*TASK DETAILS:* Exact repetition, pictures omitted: give every record below again.

*RECORDS FOR THE TASK:*
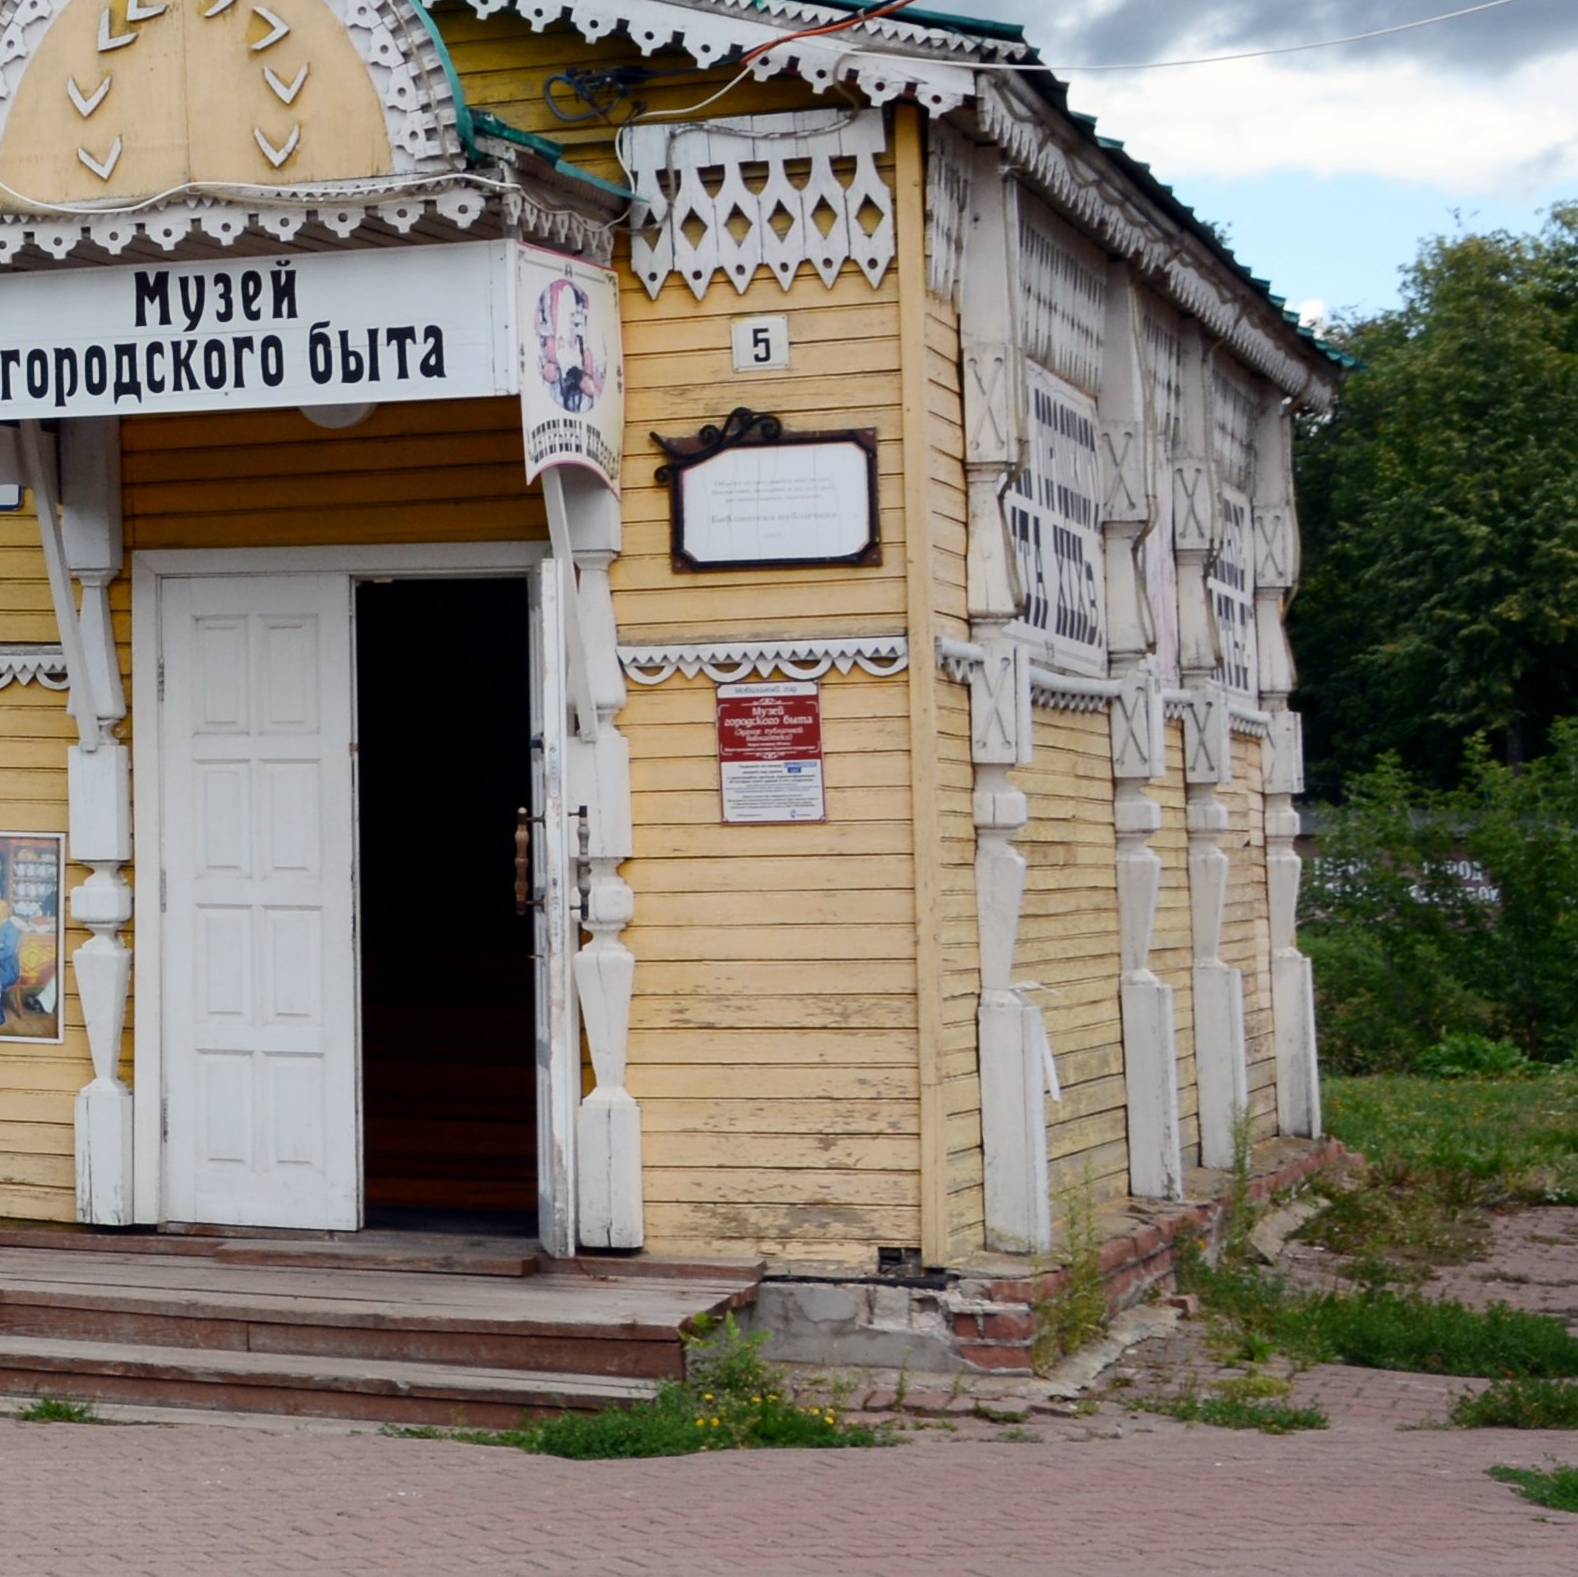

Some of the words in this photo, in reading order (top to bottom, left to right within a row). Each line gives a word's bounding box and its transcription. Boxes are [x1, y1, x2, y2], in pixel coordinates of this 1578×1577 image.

[134, 260, 298, 331] Музей
[753, 328, 771, 362] 5
[0, 334, 284, 407] городского
[309, 321, 446, 385] быта
[724, 716, 780, 728] городского
[783, 715, 813, 725] быта
[752, 706, 785, 717] Музей
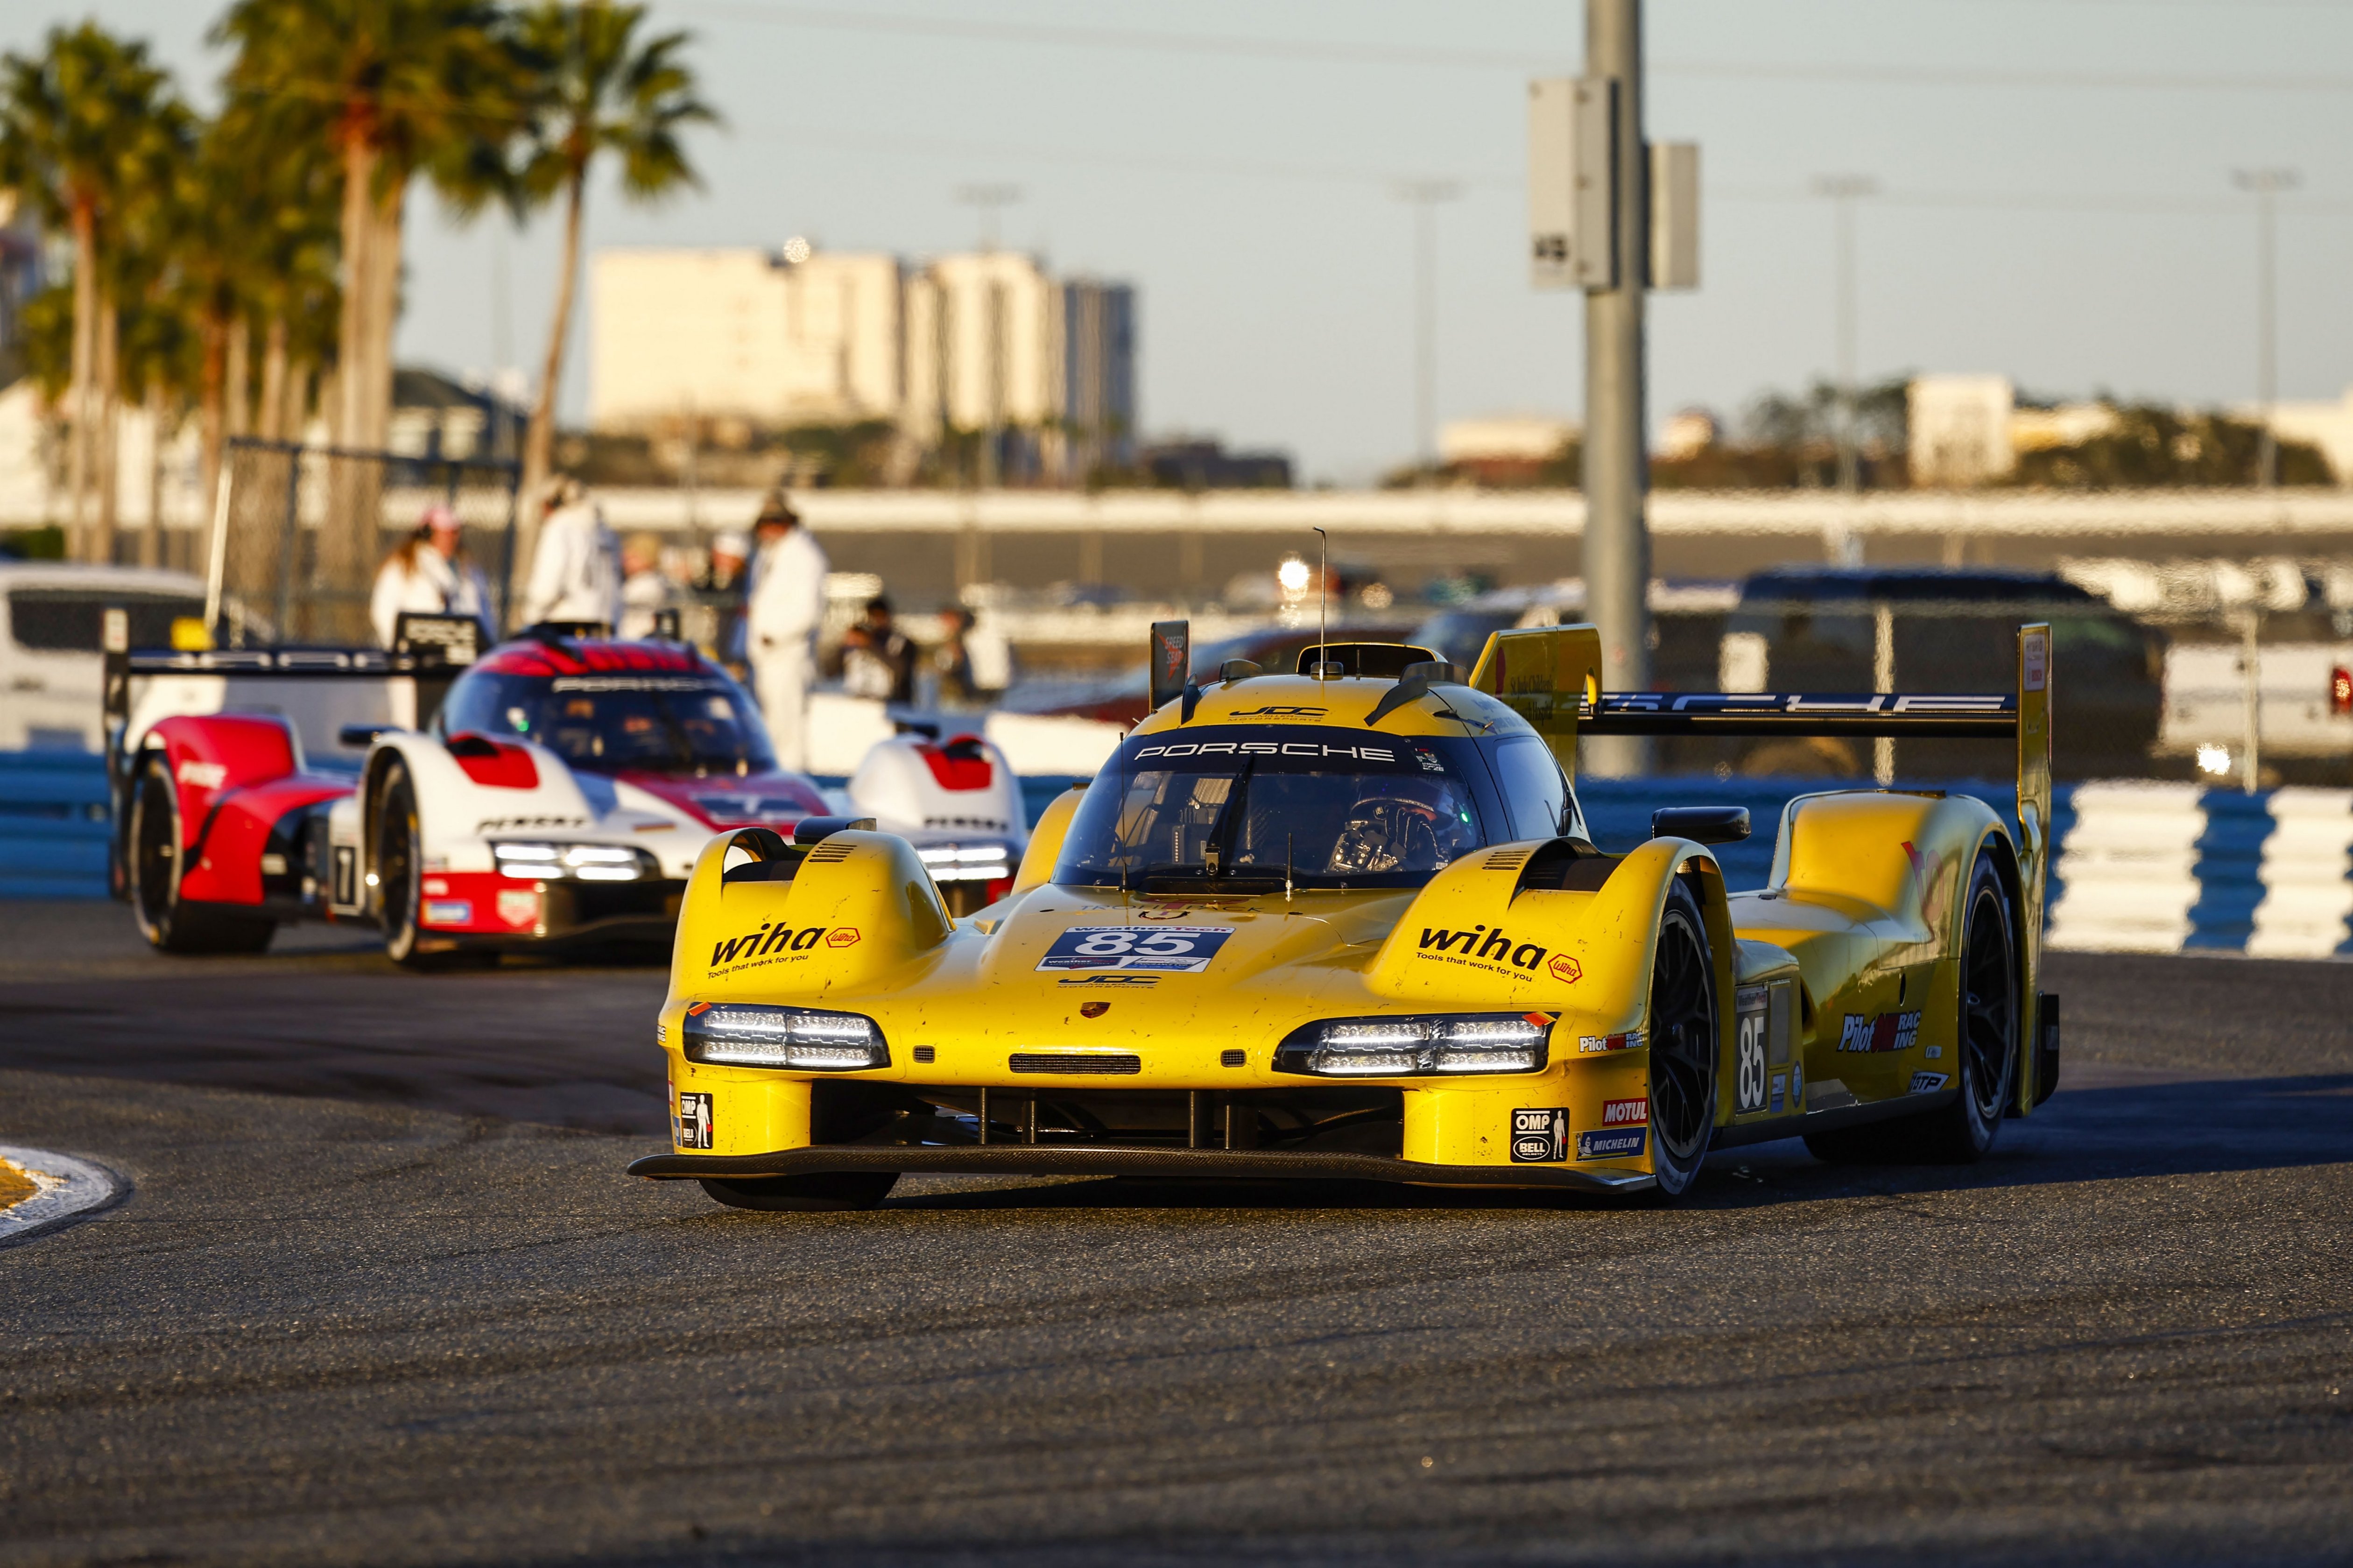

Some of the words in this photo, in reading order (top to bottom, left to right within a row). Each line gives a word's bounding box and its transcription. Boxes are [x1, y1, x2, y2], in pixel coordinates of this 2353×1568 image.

[1165, 636, 1184, 649] SPEED
[1229, 706, 1329, 716] JDC
[1134, 742, 1395, 762] PORSCHE
[710, 921, 827, 967] wiha
[1075, 932, 1201, 956] 85
[1418, 925, 1548, 971] wiha
[1553, 960, 1577, 977] Wiha
[708, 967, 729, 979] Tools
[732, 963, 749, 972] that
[751, 958, 773, 968] work
[790, 954, 809, 963] you
[1416, 952, 1444, 962] Tools
[1446, 956, 1467, 966] that
[1469, 961, 1494, 972] work
[1496, 966, 1511, 976] for
[1513, 971, 1533, 982] you
[1897, 1012, 1921, 1030] RAC
[1626, 1032, 1643, 1041] RAC
[1838, 1015, 1875, 1052] Pilot
[1894, 1031, 1917, 1049] ING
[1579, 1036, 1607, 1052] Pilot
[1626, 1040, 1643, 1048] ING
[1740, 1016, 1764, 1109] 85
[681, 1100, 696, 1114] OMP
[1604, 1102, 1647, 1122] MOTUL
[1515, 1115, 1550, 1130] OMP
[1519, 1143, 1545, 1153] BELL
[1593, 1137, 1640, 1151] MICHELIN

*RESPONSE AREA:*
Some of the words in this photo, in reading order (top to bottom, left to right within a row). Each line gives a word's bounding box and its transcription. Boxes are [x1, y1, x2, y2], in pixel coordinates of this 1578×1577 image.

[134, 260, 298, 331] Музей
[753, 328, 771, 362] 5
[0, 334, 284, 407] городского
[309, 321, 446, 385] быта
[724, 716, 780, 728] городского
[783, 715, 813, 725] быта
[752, 706, 785, 717] Музей

Some of the words in this photo, in reading order (top to bottom, left to right within a row). Each line gives a word's bounding box and its transcription. Boxes are [x1, y1, x2, y2], in pixel coordinates of this 2353×1568 image.

[1165, 636, 1184, 649] SPEED
[1229, 706, 1329, 716] JDC
[1134, 742, 1395, 762] PORSCHE
[710, 921, 827, 967] wiha
[1075, 932, 1201, 956] 85
[1418, 925, 1548, 971] wiha
[1553, 960, 1577, 977] Wiha
[708, 967, 729, 979] Tools
[732, 963, 749, 972] that
[751, 958, 773, 968] work
[790, 954, 809, 963] you
[1416, 952, 1444, 962] Tools
[1446, 956, 1467, 966] that
[1469, 961, 1494, 972] work
[1496, 966, 1511, 976] for
[1513, 971, 1533, 982] you
[1897, 1012, 1921, 1030] RAC
[1626, 1032, 1643, 1041] RAC
[1838, 1015, 1875, 1052] Pilot
[1894, 1031, 1917, 1049] ING
[1579, 1036, 1607, 1052] Pilot
[1626, 1040, 1643, 1048] ING
[1740, 1016, 1764, 1109] 85
[681, 1100, 696, 1114] OMP
[1604, 1102, 1647, 1122] MOTUL
[1515, 1115, 1550, 1130] OMP
[1519, 1143, 1545, 1153] BELL
[1593, 1137, 1640, 1151] MICHELIN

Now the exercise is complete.